= Ted Savage (footballer) =

English footballer

Robert Edward Savage (30 November 1911 – 30 January 1964) was an English footballer who played at wing-half for Liverpool

==Life and playing career==
Born in Louth, Lincolnshire, England, Savage played for Stewton F.C. and Lincoln City F.C. before he was bought by Liverpool manager George Patterson in May 1931. He made his debut on 26 September 1931 in a First Division match at Anfield. Grimsby Town F.C. were the visitors and were comfortably beaten 4–0. Savage scored twice, in the 66th and 82nd minutes (Gordon Hodgson also scored twice, in the 26th and 85th minutes). Savage was able to get the chance to score the goals as he was played in the forward line instead of his usual position of wing-half.
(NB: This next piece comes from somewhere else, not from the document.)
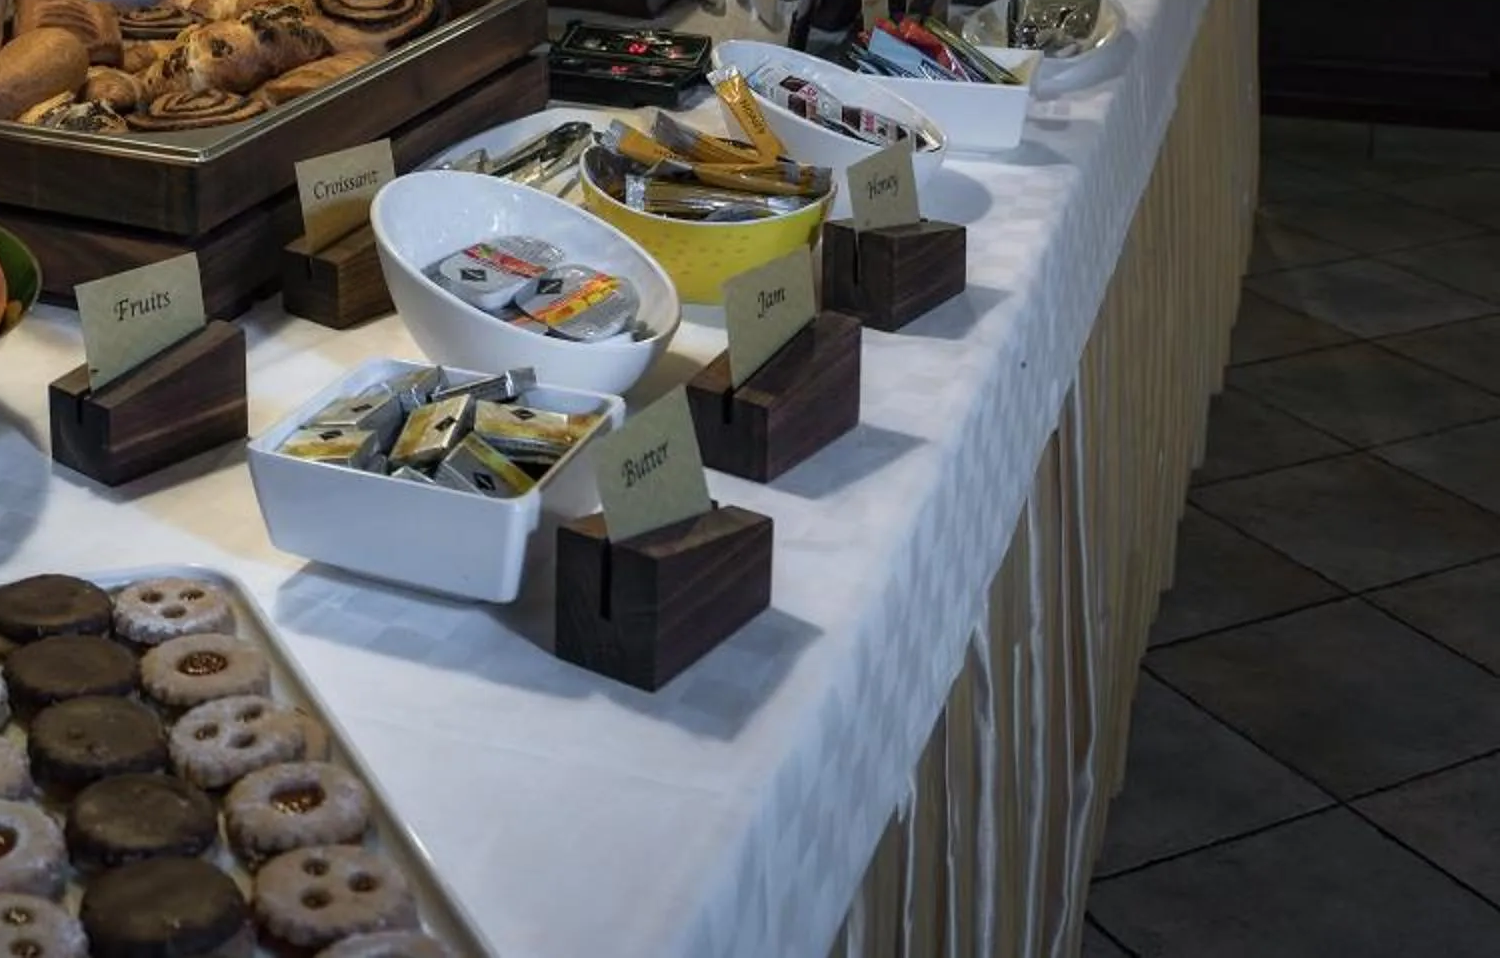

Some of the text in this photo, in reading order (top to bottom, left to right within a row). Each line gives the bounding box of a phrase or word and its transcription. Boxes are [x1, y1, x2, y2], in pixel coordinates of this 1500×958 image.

[313, 169, 379, 200] Croissant
[113, 290, 172, 322] Fruits
[757, 287, 786, 319] Jam
[621, 439, 669, 489] Butter
The two strikes against Grimsby were the only goals he would score during his time at Liverpool. In fact, Savage struggled to hold down a starting role for the Anfield club, his best seasons were the 1934–35 and 1935–36 seasons where he played in 54 of the 84 matches, 27 in each season. Although Savage was mainly used as a 'bit part' player during other campaigns, he put together 105 appearances, 100 of which were in the league.
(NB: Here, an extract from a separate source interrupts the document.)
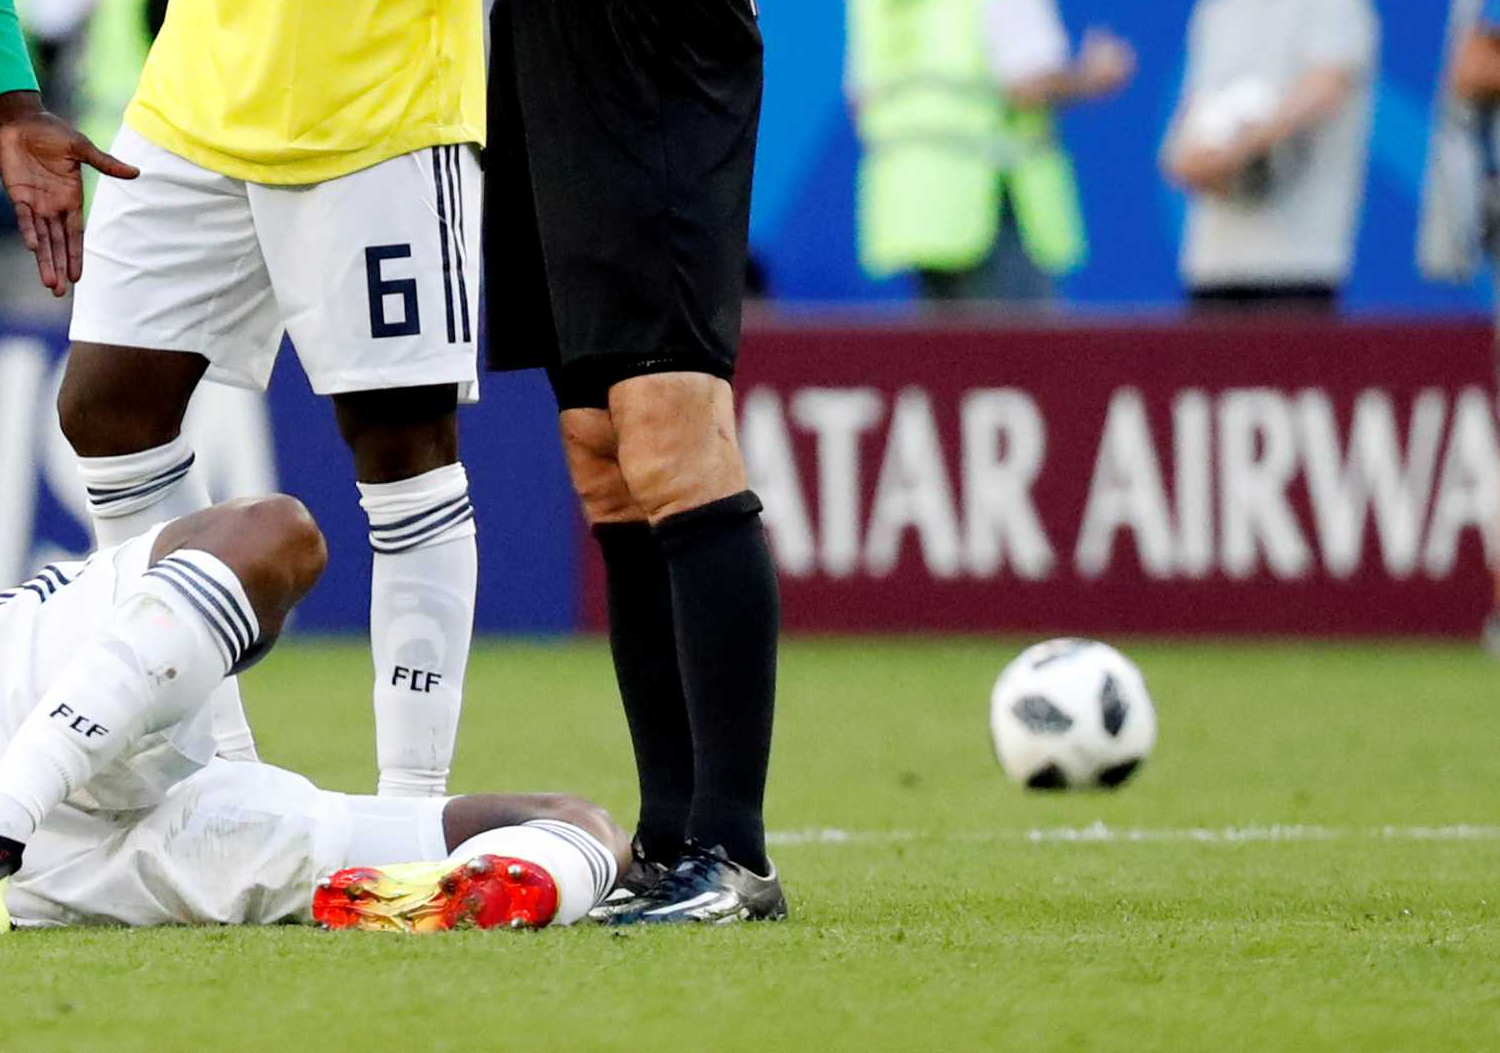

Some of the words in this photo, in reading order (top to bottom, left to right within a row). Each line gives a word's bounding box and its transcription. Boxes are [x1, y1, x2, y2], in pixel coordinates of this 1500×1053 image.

[365, 243, 421, 338] 6
[392, 666, 442, 693] FCF
[49, 703, 108, 737] FCF
Savage's final Liverpool outing came in a league game at Molineux Stadium on 16 October 1936 with Wolverhampton Wanderers running out 2–0 winners. Savage was allowed to leave Anfield for rivals Manchester United F.C. midway through the 1937–38 season. He went on to become a journeyman playing for Wrexham A.F.C. in North Wales, Carlisle United F.C. in Cumbria, West Ham United F.C., Chelsea and Fulham F.C. in London. All this travelling added to spells in Lincolnshire, Merseyside and Lancashire.

He also played for Millwall F.C. and York City F.C. as a wartime guest.

Savage was manager of Dutch clubs ZVV and Zeeburgia.